Within Zen Buddhism, this potential calmness is considered to be always present - like a bottle of refreshing water secretly hidden in one's bag, beyond the realms of rigid, conceptual perception, and it is our conscious choice to either go beyond what we know to be able to drink from the bottle or not. A text attributed to the first Zen Patriarch, translated in The Bodhidharma Anthology: The earliest records of zen, (Jeffrey L. Broughton, 1999), states the following illustrating such a stance, p14:
"Things have always been in a state of quiescence and there has never existed a perceiving subject."

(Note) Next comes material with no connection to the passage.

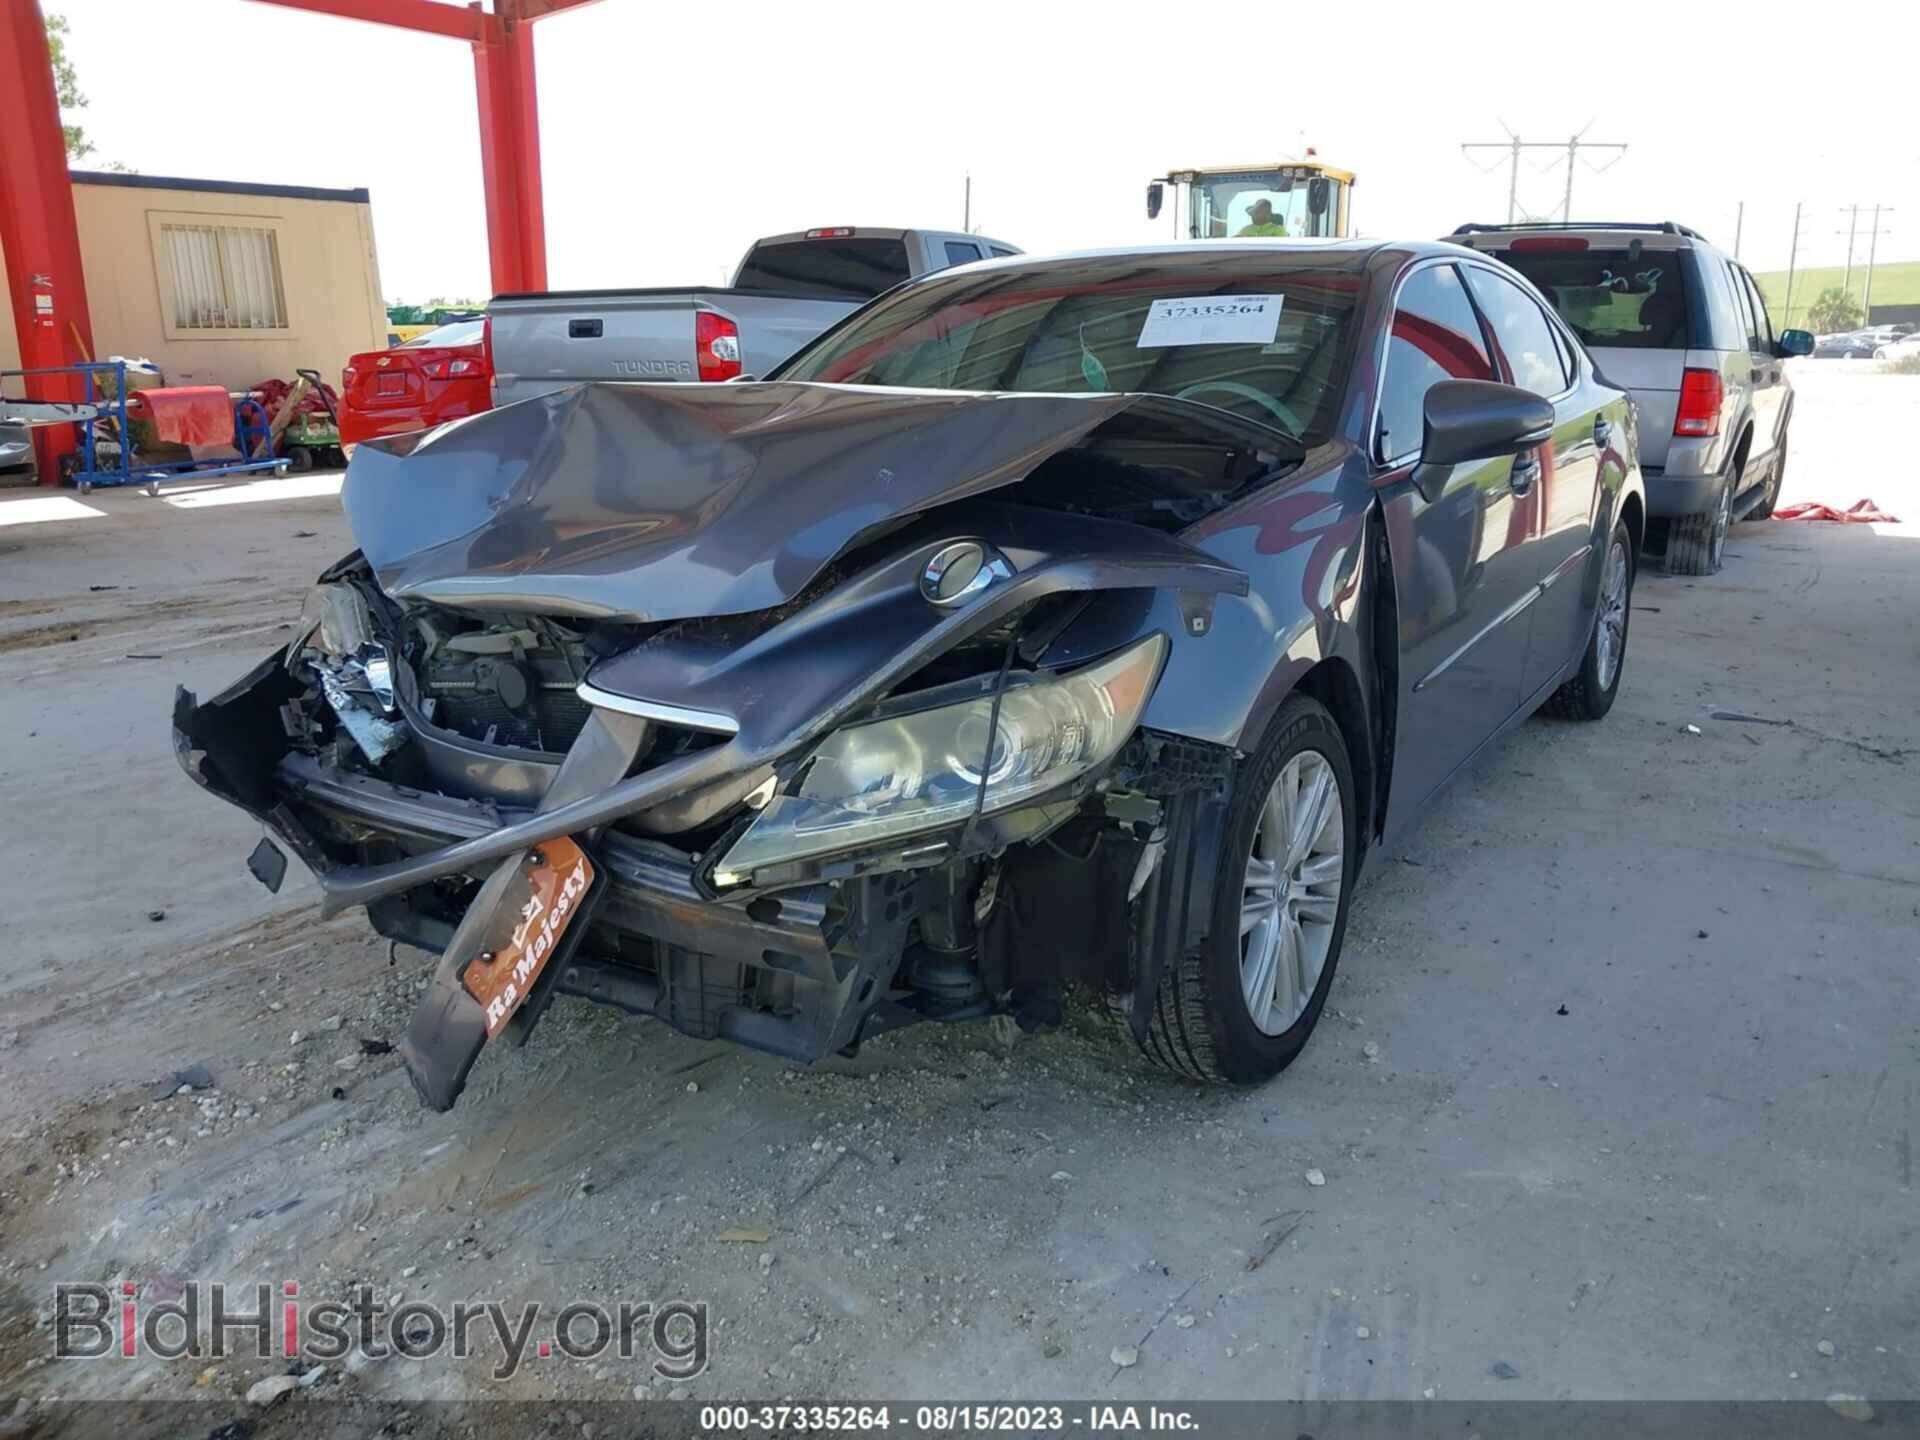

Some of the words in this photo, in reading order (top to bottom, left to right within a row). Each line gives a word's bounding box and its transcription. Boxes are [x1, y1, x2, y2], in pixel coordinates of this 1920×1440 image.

[1160, 304, 1265, 318] 37335264
[609, 359, 692, 376] TUNDRA
[486, 983, 518, 1029] Ra
[512, 857, 586, 985] Majesty

Thich Nhat Hanh also speaks on this topic in Understanding Our Mind (2001), with reference to our existence being like a dynamic wave in essentially tranquil water, p392:
"We say that we “attain” the ultimate dimension, but we do not attain anything. The wave does not need to attain the state of being water—the wave is water. We live in the historical dimension, in the world of existence and nonexistence, continuation and cessation, coming and going—and, at the same time, we are in touch with nirvana. Nirvana is our true nature. Just as a wave has always been water, we have always been in nirvana."
And in a similar sense, the waves of our breathing have always been rooted in an unconditionally compassionate and nourishing essence whether we have been aware of that fact or not. Amplifying this dimension through placing sustained attention on our unconditionally compassionate breathing can create the conditions for a more peaceful experience to arrive.